I pondered whether to write a pre-cruise portion of the review. However, planning a trip is a means to anticipating the adventure and I found the threads on preparation and packing very helpful. I promise to get through it reasonably quickly so we can get to the good cruise stuff.

 

I imagine that several people on CC are, shall we say, meticulous with the planning. Not obsessive. I would never say that. (Mr. T, however, would). Once the decision was made to go on this cruise, I began furiously scouring the CC boards for tidbits on packing and ports, reading reviews, and fixating on photos of food. Mr. T expressed concern, as he was worried that the trip would not live up to my expectations.

 

“No worries”, I say, ”I still look upon our Ireland trip fondly.” “Really?” he says, “That trip was a little scary for me.” “It was not that bad,” I reply, “The scenery was amazing. Remember those castles?

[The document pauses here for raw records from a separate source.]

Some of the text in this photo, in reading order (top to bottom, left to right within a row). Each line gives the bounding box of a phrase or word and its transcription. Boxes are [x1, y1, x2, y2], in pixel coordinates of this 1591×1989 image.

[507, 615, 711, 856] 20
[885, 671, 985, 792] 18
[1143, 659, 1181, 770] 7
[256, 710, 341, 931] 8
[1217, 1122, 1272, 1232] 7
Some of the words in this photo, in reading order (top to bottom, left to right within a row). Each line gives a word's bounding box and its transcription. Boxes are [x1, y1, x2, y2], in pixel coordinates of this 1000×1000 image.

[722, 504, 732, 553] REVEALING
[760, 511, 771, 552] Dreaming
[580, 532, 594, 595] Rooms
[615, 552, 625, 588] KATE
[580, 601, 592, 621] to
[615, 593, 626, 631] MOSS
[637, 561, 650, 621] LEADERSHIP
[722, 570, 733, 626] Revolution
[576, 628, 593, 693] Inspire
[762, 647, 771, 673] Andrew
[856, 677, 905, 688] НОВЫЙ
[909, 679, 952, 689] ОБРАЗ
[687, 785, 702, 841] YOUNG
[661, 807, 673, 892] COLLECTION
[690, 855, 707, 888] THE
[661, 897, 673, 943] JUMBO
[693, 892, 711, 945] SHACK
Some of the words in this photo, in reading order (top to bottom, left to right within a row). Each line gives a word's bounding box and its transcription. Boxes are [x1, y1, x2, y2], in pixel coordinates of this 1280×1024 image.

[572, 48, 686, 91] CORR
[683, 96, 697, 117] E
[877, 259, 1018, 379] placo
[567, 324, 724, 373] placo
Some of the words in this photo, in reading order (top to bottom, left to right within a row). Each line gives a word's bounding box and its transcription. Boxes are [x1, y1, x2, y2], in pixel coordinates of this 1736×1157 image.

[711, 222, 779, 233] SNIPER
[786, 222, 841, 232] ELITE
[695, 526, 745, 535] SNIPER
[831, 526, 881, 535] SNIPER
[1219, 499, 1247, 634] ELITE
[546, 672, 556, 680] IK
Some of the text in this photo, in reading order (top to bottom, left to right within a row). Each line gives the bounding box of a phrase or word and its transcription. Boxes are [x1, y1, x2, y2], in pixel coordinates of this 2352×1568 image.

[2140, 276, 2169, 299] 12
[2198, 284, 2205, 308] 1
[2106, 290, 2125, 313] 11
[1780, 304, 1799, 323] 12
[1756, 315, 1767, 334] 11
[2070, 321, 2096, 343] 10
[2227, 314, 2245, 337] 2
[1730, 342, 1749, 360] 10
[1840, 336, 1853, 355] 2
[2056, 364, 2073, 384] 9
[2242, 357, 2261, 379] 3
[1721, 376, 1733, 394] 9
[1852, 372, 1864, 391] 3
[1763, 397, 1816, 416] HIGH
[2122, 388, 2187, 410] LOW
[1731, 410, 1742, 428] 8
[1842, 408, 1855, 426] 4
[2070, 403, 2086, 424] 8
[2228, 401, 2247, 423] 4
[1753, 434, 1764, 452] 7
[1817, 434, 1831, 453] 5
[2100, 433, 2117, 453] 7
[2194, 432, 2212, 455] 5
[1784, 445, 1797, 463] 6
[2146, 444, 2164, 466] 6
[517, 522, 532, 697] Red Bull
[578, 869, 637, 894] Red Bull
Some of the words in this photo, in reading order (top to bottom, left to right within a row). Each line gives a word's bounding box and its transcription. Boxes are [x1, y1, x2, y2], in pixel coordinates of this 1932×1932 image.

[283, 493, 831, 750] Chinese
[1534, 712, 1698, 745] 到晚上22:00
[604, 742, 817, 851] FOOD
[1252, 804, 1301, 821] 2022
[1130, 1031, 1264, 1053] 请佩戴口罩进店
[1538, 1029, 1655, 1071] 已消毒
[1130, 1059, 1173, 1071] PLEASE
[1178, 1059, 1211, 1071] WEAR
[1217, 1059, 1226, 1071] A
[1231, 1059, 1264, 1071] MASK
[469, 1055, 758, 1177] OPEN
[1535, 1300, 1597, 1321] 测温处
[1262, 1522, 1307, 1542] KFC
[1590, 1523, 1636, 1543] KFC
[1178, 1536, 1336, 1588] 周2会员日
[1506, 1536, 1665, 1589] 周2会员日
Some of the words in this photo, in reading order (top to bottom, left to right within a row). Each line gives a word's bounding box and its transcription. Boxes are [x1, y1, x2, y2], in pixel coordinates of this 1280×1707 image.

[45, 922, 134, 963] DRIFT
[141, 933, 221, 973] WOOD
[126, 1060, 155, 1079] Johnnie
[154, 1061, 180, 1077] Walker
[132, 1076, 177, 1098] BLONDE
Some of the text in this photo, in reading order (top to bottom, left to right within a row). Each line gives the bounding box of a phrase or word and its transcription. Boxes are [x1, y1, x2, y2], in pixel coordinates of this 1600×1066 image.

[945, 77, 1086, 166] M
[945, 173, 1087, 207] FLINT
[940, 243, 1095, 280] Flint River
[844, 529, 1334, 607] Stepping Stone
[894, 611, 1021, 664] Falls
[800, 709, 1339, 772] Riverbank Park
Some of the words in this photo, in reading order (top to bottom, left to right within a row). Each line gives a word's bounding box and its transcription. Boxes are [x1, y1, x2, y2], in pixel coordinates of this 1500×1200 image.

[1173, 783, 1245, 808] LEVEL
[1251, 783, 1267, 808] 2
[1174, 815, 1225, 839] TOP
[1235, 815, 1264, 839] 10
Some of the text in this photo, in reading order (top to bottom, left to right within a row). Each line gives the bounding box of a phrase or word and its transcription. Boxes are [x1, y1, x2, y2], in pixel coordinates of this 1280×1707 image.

And that lamb stew in that little thatched-roof pub? And the Murphy’s on tap? Also, no one was seriously injured.” “Um, two of you ended up in the hospital – and one of you had surgery. I think that is pretty serious”. “Pfftt, no permanent damage. All I am saying is that it would take a lot for me not to enjoy a holiday. Although, that reminds me, I need to get trip insurance.” “Yeah…”

 

A couple of sites I found useful in the planning stages (besides cruise critic):

 

http://Http://www.cruiseportinsider.com

 

http://www.tripadvisor.com

 

I also found the following CC thread helpful for new cruiser tips. This is a very, very long thread and several of the tips did not apply, but I picked those that seemed appropriate.

 

http://boards.cruisecritic.com/showthread.php?t=1086757&highlight=tips

 

 

Choosing a cabin

 

This is a personal decision based on needs, wants and budget and I am by no means an expert. I knew we needed a cabin that would suit our family of four, I wanted a veranda and I hoped for a connecting room with Tutu and Aunty Pat.

 

Our TA suggested connecting rooms 9276/9278, which are class 1B veranda rooms on the hump. I noticed immediately that, while they connect, only one of them is suited for four passengers, which means you cannot pawn the children off on the relatives next door. I see what you did there, Celebrity…well done.

 

Our room had both the pull down berth and convertible sofa.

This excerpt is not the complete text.